The JustGo solution: tricycle hybrid or the tri-brid. Their conversion kit can turn ordinary tricycles into electric hybrids. With a single charge, the e-trike could travel 30 to 50 kilometers at a top speed of 50 kilometers per hour.

Target launch of the vehicle is in the second quarter of 2016.

Tap water to energy

It is a fact: Filipinos spend 10 to 14 per cent of our income on energy cost. We cannot stop the growing demand for energy and there is a wide clamor for developing renewable energy sources.

Stream Energy wants to build energy-efficient buildings by producing hydro-electricity from their own tap water system to save on energy costs.

Rafael de La Cruz, co-founder of Stream Energy, says the concept of producing hydroelectricity has been around for decades. “What we plan to do is place our turbines in the elevated tanks of buildings so that any time a person consumes water in the facility, the turbine spins and produce energy.”

Large buildings, he says, can consume as much as 90 million liters of water or more per month. If they can produce their own hydroelectricity, they can supplement their energy needs. 

Safer air and sea travel

As an archipelego, we have 7,100 islands and our main means of transportation from going one island to another is air and sea travel. We have 429 fishing ports, 821 commercial ports. We have only two being monitored now.

Arcelio Fetizanan Jr., chief executive officer of Futuristic Aviation and Maritime Enterprise (FAME), says that this is the reason why we have big maritime disasters.
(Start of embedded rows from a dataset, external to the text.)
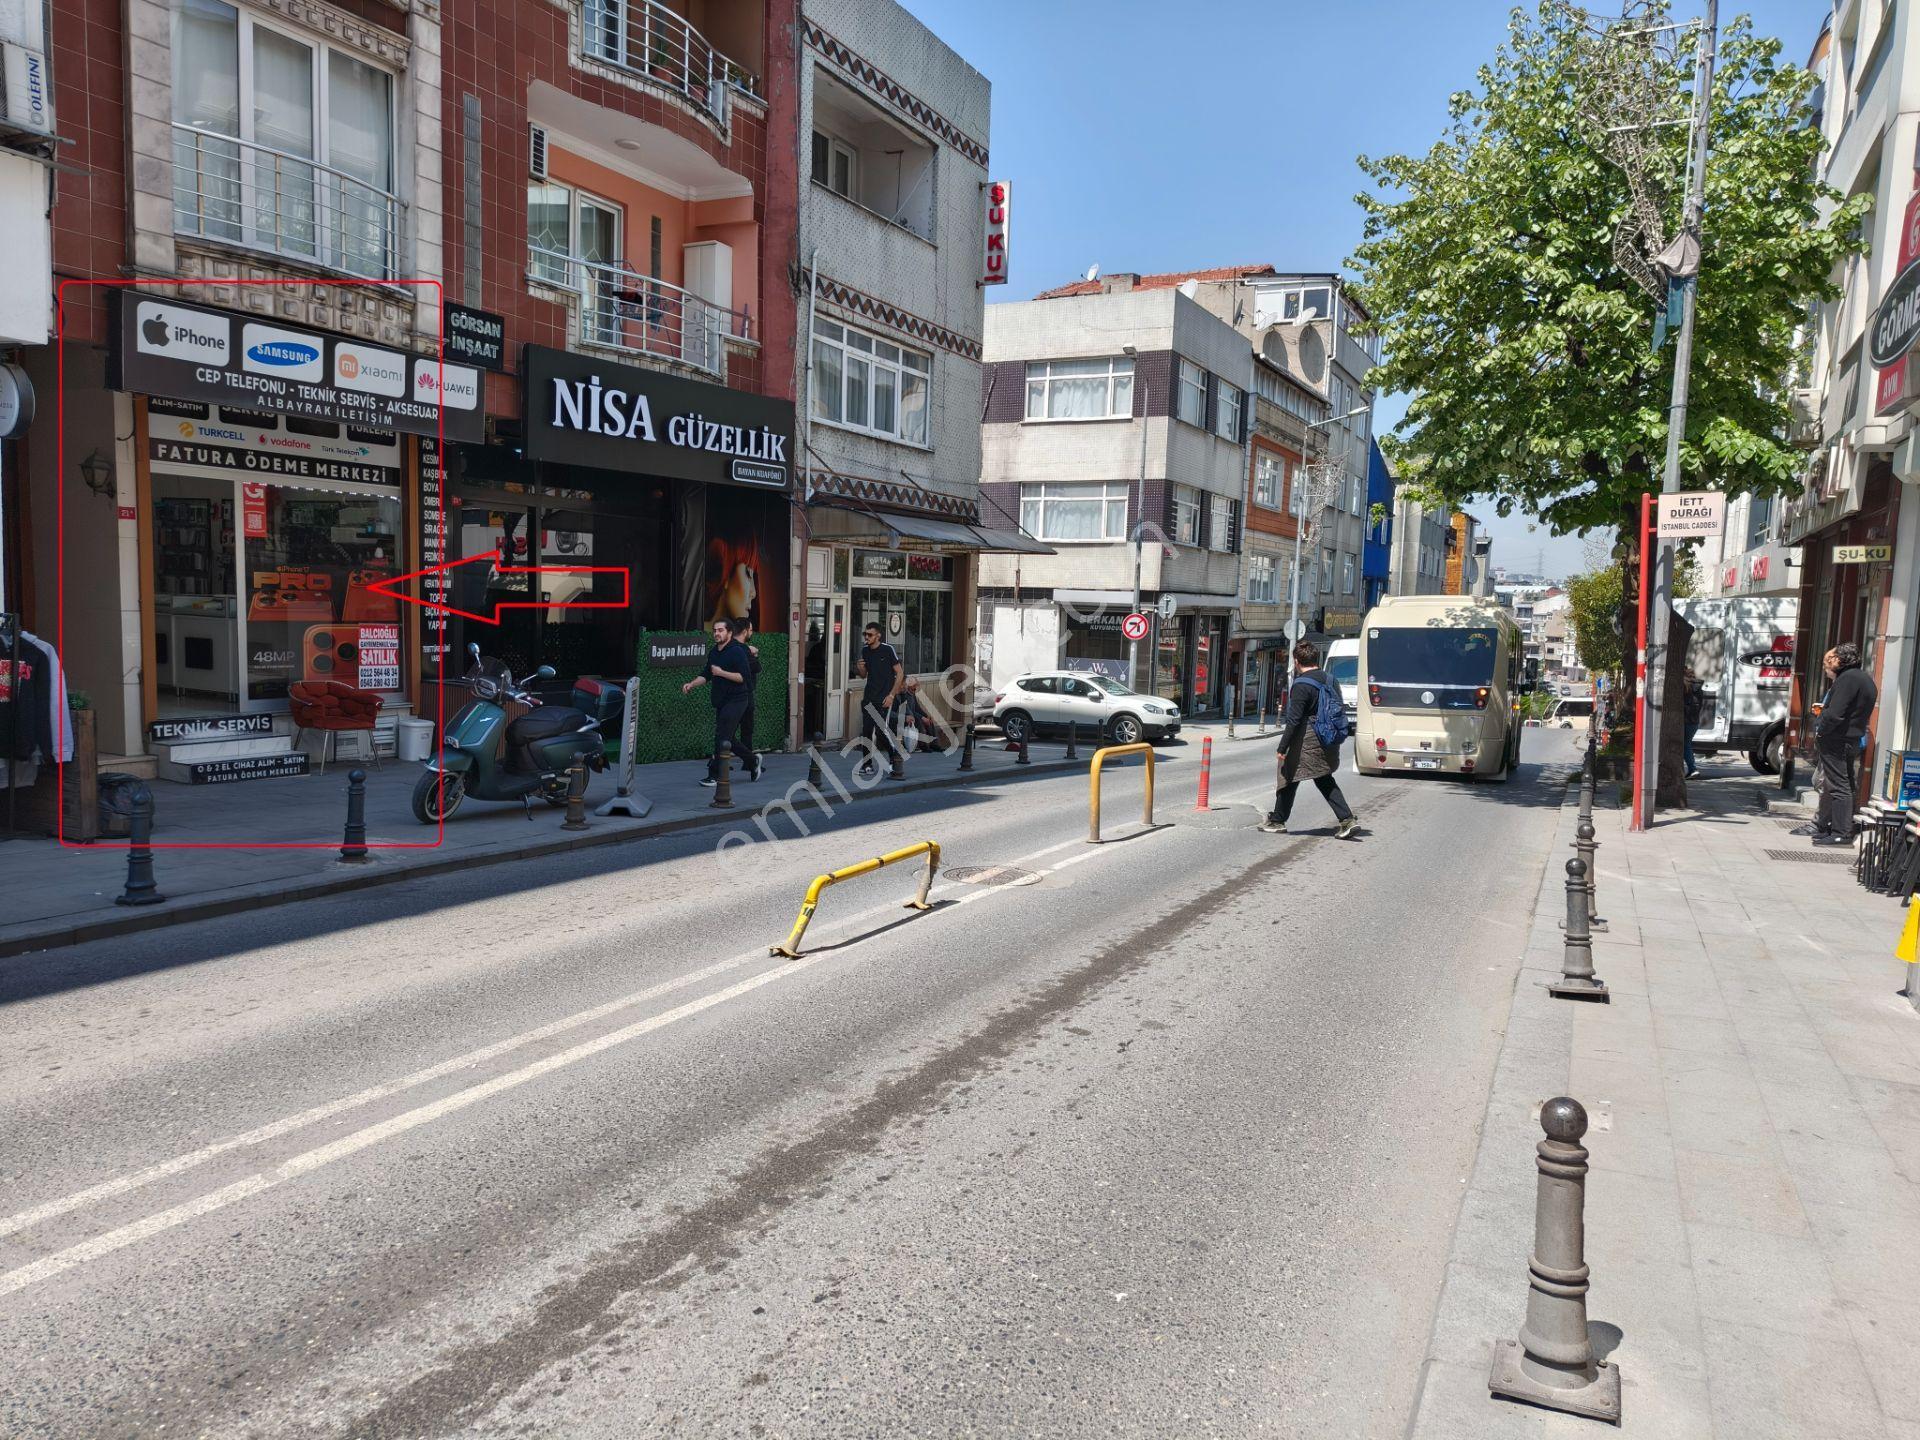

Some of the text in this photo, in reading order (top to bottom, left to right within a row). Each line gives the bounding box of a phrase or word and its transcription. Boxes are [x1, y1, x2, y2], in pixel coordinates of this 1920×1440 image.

[451, 312, 501, 338] GÖRSAN
[175, 327, 225, 350] iPhone
[452, 331, 499, 358] İNŞAAT
[257, 344, 311, 363] SAMSUNG
[1883, 371, 1898, 400] AVM
[196, 368, 221, 383] CEP
[225, 372, 286, 395] TELEFONU
[298, 384, 336, 403] TEKNİK
[340, 392, 376, 410] SERVİS
[386, 402, 439, 420] AKSESUAR
[257, 395, 393, 426] ALBAYRAK İLETİŞİM
[552, 375, 786, 462] NİSA GÜZELLİK
[198, 426, 245, 441] TURKCELL
[270, 438, 311, 450] vodafone
[157, 443, 386, 482] FATURA ÖDEME MERKEZİ
[424, 482, 439, 492] BOYA
[1680, 496, 1704, 506] İETT
[1670, 506, 1712, 518] DURAĞI
[1838, 549, 1886, 561] ŞU-KU
[253, 572, 332, 591] PRO
[1079, 615, 1124, 625] SERKAN
[360, 625, 398, 639] BALCIOĞLU
[253, 651, 295, 662] 48MP
[361, 649, 397, 665] SATILIK
[153, 715, 271, 737] TEKNİK SERVİS
[221, 763, 231, 771] EL
[258, 758, 276, 767] ALIM
[207, 773, 238, 783] FATURA
On the other hand, he says we have 85 airports but only 10 has radar capability. “There are many solutions available right now, but they are very expensive,” Fetizanan says.  

FAME’s solution is an aviation and maritime transponder and gateway for small maritime vessels. “Pilots and captains can use it as secondary radars. They can now have monitoring capability if they have our product,” he said.

  In the four months that the company has been working on this product, Fetizanan says they have already developed six prototypes.